Sylvius the Mad wrote...

EternalPink wrote...

What it is didn't change, what we associated the term R&B with did change, which is what i said.

The problem here, then, is that some of us want to talk specifically about roleplaying games as they were defined 30 years ago, and compare modern games to that definition.

But you people changing the language have robbed us of the tools to do so.


Welcome to real life, since the alternative to change is death i think you should learn to live with change, perhaps you should re-consider your terms since we aren't applying to a point 30 years ago we are applying them to the present.
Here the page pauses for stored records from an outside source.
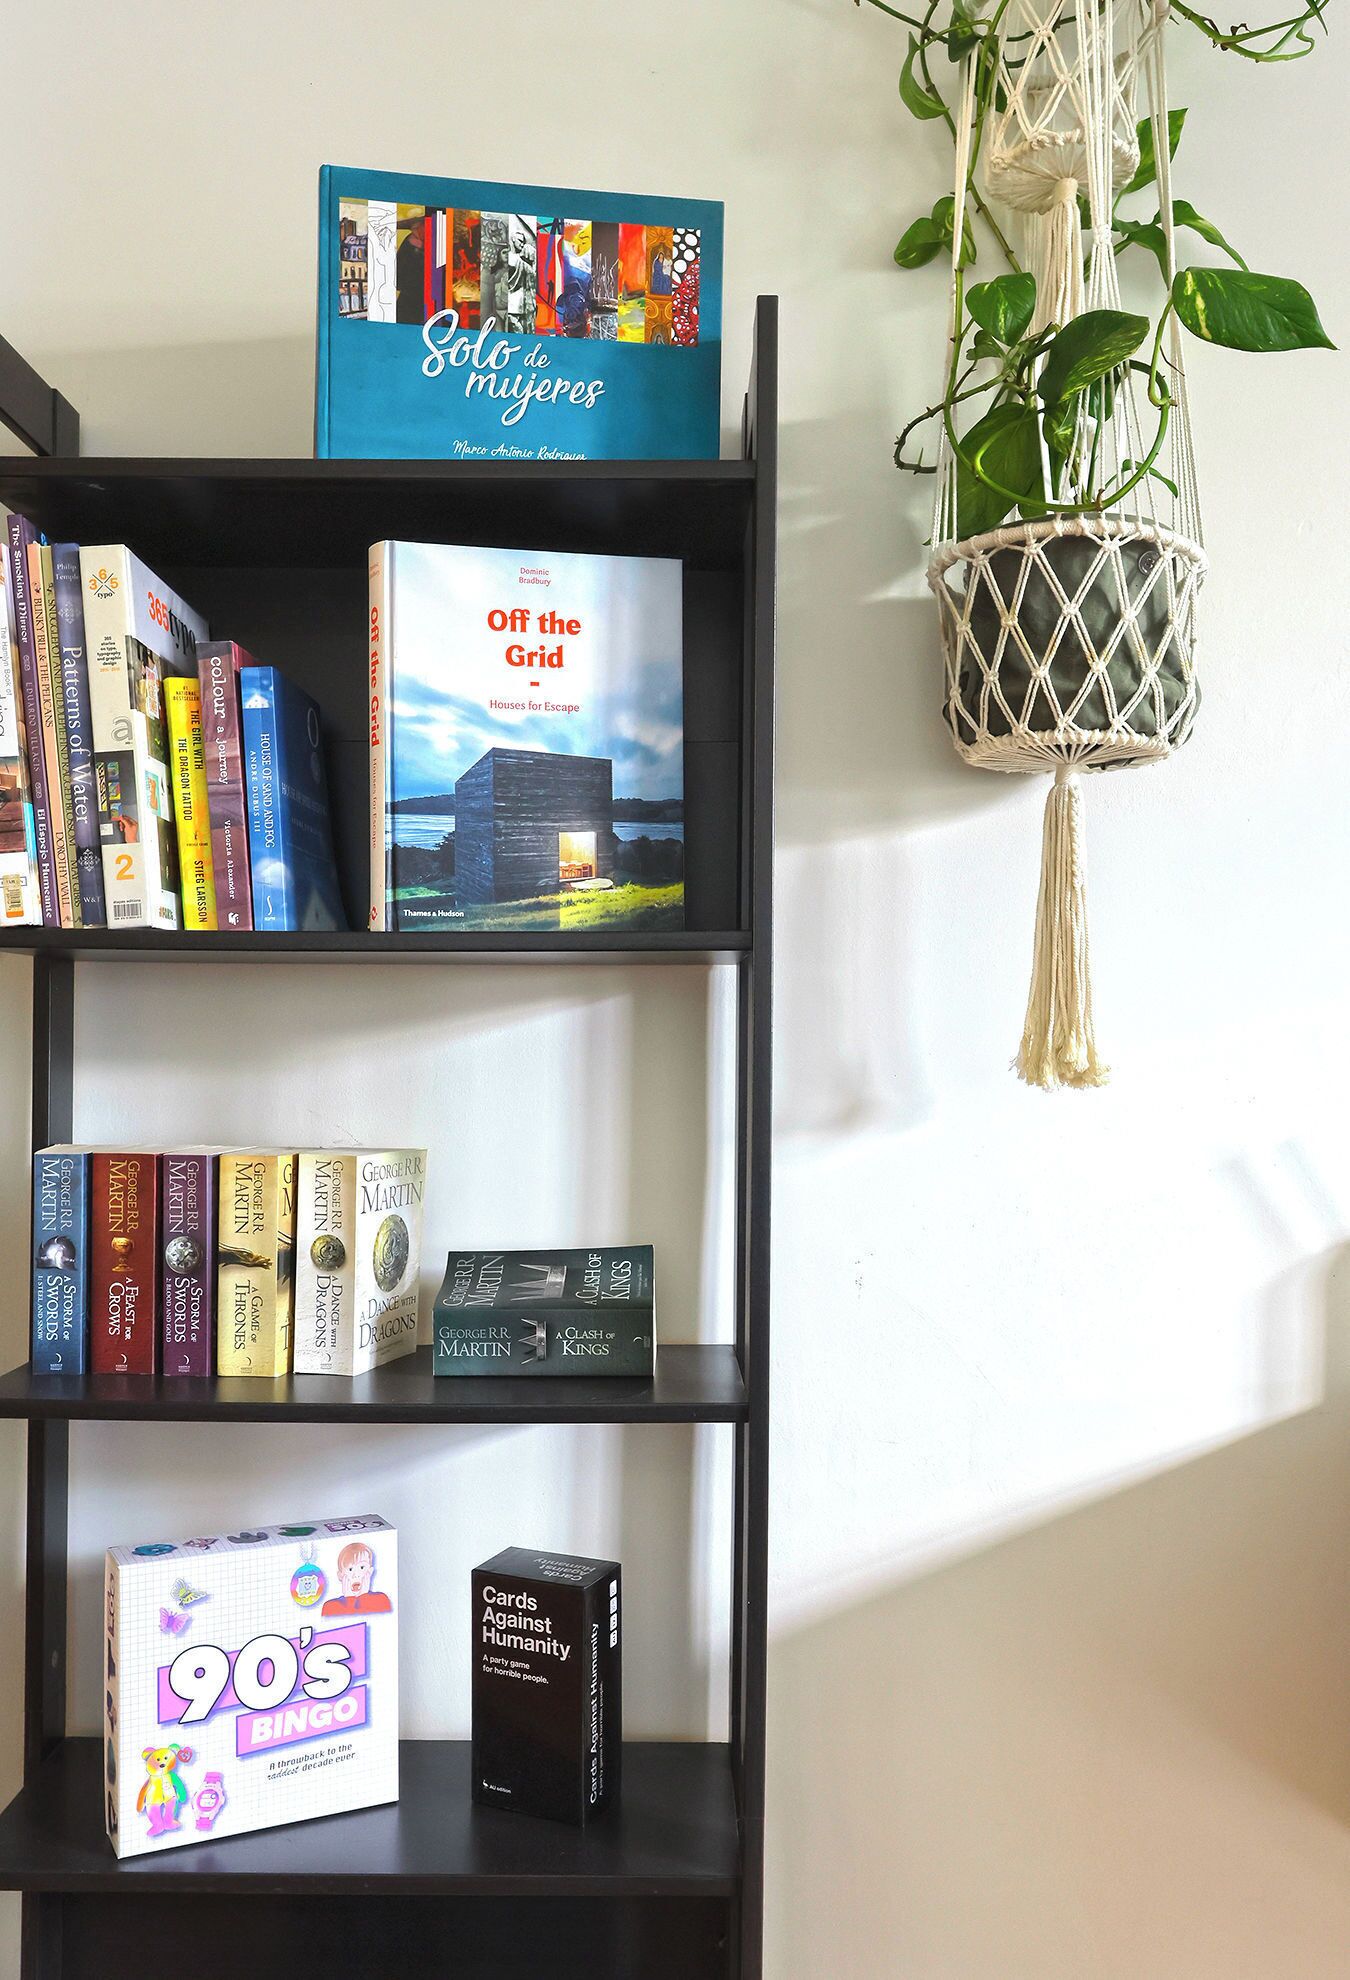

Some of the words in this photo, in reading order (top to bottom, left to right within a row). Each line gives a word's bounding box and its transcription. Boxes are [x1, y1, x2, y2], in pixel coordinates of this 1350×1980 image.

[422, 309, 521, 377] Solo
[524, 343, 550, 368] de
[465, 372, 605, 426] mujeres
[453, 439, 488, 458] Marco
[491, 442, 533, 458] Antonio
[12, 525, 20, 546] The
[14, 550, 24, 599] Smoking
[518, 577, 551, 587] Bradbury
[520, 567, 550, 576] Dominic
[97, 592, 113, 600] typo
[19, 602, 28, 643] Mirror
[34, 598, 44, 632] BLINKY
[370, 606, 379, 642] Off
[487, 608, 530, 632] Off
[537, 610, 581, 635] the
[37, 633, 47, 652] BILL
[39, 653, 47, 661] &
[505, 644, 564, 668] Grid
[40, 663, 49, 681] THE
[370, 649, 380, 689] the
[26, 682, 36, 727] EDUARDO
[63, 646, 82, 729] Patterns
[210, 656, 226, 719] colour
[41, 682, 54, 728] PELICANS
[191, 709, 200, 725] THE
[370, 695, 380, 747] Grid
[490, 699, 526, 710] Houses
[528, 700, 541, 711] for
[544, 701, 580, 714] Escape
[70, 734, 91, 757] of
[178, 738, 187, 753] THE
[192, 727, 202, 747] GIRL
[216, 725, 225, 734] a
[194, 749, 204, 770] WITH
[215, 737, 228, 784] journey
[260, 733, 272, 766] HOUSE
[179, 756, 190, 789] DRAGON
[262, 767, 272, 781] OF
[71, 761, 92, 824] Water
[182, 792, 193, 821] TATTOO
[252, 786, 260, 817] DUBUS
[262, 782, 272, 807] SAND
[38, 808, 46, 820] El
[263, 809, 274, 829] AND
[38, 823, 49, 860] Espejo
[224, 818, 232, 856] Victoria
[265, 829, 275, 848] FOG
[56, 832, 69, 879] DOROTHY
[71, 860, 80, 882] MAY
[115, 854, 135, 881] 2
[194, 860, 205, 884] STIEG
[42, 863, 52, 918] Humeante
[61, 881, 71, 907] WALL
[227, 859, 236, 900] Alexander
[196, 886, 208, 923] LARSSON
[403, 909, 431, 918] Thames
[438, 910, 464, 918] Hudson
[60, 1158, 74, 1207] GEORGE
[127, 1160, 140, 1208] GEORGE
[186, 1160, 200, 1209] GEORGE
[252, 1162, 266, 1210] GEORGE
[331, 1160, 344, 1208] GEORGE
[362, 1162, 403, 1183] GEORGE
[42, 1158, 60, 1231] MARTIN
[109, 1160, 127, 1233] MARTIN
[168, 1160, 187, 1234] MARTIN
[234, 1161, 253, 1234] MARTIN
[314, 1160, 332, 1232] MARTIN
[360, 1180, 423, 1214] MARTIN
[442, 1278, 471, 1306] GEORGE
[464, 1255, 505, 1307] MARTIN
[575, 1269, 601, 1299] CLASH
[588, 1253, 602, 1268] OF
[601, 1260, 632, 1300] KINGS
[46, 1275, 63, 1341] SWORDS
[63, 1285, 76, 1328] STORM
[108, 1282, 125, 1335] CROWS
[125, 1286, 139, 1325] FEAST
[174, 1277, 190, 1343] SWORDS
[190, 1287, 203, 1330] STORM
[234, 1279, 251, 1350] THRONES
[250, 1295, 263, 1332] GAME
[315, 1274, 331, 1348] DRAGONS
[331, 1284, 343, 1326] DANCE
[360, 1311, 366, 1322] A
[368, 1294, 400, 1320] DANCE
[401, 1295, 417, 1307] WITH
[62, 1330, 70, 1340] OF
[190, 1332, 197, 1342] OF
[250, 1333, 257, 1343] OF
[359, 1312, 416, 1349] DRAGONS
[438, 1326, 487, 1339] GEORGE
[564, 1326, 603, 1339] CLASH
[438, 1339, 512, 1357] MARTIN
[562, 1340, 610, 1356] KINGS
[534, 1558, 596, 1573] Humanity
[539, 1564, 590, 1576] Against
[543, 1570, 583, 1581] Cards
[482, 1585, 538, 1611] Cards
[482, 1606, 552, 1634] Against
[482, 1625, 571, 1661] Humanity
[590, 1623, 599, 1696] Humanity
[168, 1626, 352, 1725] 90's
[482, 1664, 493, 1673] for
[494, 1666, 521, 1679] horrible
[522, 1673, 549, 1684] people.
[489, 1656, 509, 1667] party
[510, 1660, 530, 1670] game
[250, 1696, 358, 1745] BINGO
[590, 1696, 599, 1753] Against
[269, 1762, 276, 1771] A
[277, 1750, 325, 1769] throwback
[327, 1747, 336, 1756] to
[338, 1743, 353, 1753] the
[302, 1758, 334, 1772] decade
[335, 1752, 356, 1763] ever
[590, 1757, 598, 1804] Cards
And by sticking your head 30 years in the past your ignoring 30 years worth of development on the platform we use to run the games regardless of genre


You're a bit confused.

Making a TPS and putting the word RPG on it isn't changing what an RPG is,  it's mislabelling a TPS. 
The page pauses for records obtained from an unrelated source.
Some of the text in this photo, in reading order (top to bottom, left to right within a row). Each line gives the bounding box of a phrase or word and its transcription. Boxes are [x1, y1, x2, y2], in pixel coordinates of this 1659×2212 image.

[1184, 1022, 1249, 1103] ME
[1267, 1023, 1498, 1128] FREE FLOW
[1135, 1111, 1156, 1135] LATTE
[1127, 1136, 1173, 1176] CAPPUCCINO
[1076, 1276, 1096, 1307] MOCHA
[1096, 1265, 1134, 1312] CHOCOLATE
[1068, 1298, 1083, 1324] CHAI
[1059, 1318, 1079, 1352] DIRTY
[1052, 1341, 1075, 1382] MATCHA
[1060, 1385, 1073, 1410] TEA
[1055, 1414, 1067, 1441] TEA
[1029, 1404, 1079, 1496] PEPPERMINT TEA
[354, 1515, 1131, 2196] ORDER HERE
With all due respect,  you're just reiterating marketing lines that more than a few companies use to try and drum up sales,  by claiming it's something other than what it is.

I think you should learn to seperate marketing speak from real qualities,  for starters,  if it's gameplay is equivalent to a TPS,  then it's a TPS,  no matter what the box said.

I'm often left wondering if a number of people on this board would buy a carton of milk,  find OJ in it,  and insist that OJ is now milk.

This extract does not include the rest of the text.